## Records excerpted from a collection
###

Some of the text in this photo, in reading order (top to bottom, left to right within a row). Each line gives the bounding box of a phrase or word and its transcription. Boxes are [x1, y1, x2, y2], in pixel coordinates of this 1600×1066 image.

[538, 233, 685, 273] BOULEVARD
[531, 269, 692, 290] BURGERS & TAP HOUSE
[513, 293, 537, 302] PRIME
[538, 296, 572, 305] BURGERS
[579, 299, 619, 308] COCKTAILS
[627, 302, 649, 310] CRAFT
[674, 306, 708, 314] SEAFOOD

###

## Directions for this task
What this exercise asks for is the data above, retyped exactly.

## Task output
Some of the text in this photo, in reading order (top to bottom, left to right within a row). Each line gives the bounding box of a phrase or word and its transcription. Boxes are [x1, y1, x2, y2], in pixel coordinates of this 1600×1066 image.

[538, 233, 685, 273] BOULEVARD
[531, 269, 692, 290] BURGERS & TAP HOUSE
[513, 293, 537, 302] PRIME
[538, 296, 572, 305] BURGERS
[579, 299, 619, 308] COCKTAILS
[627, 302, 649, 310] CRAFT
[674, 306, 708, 314] SEAFOOD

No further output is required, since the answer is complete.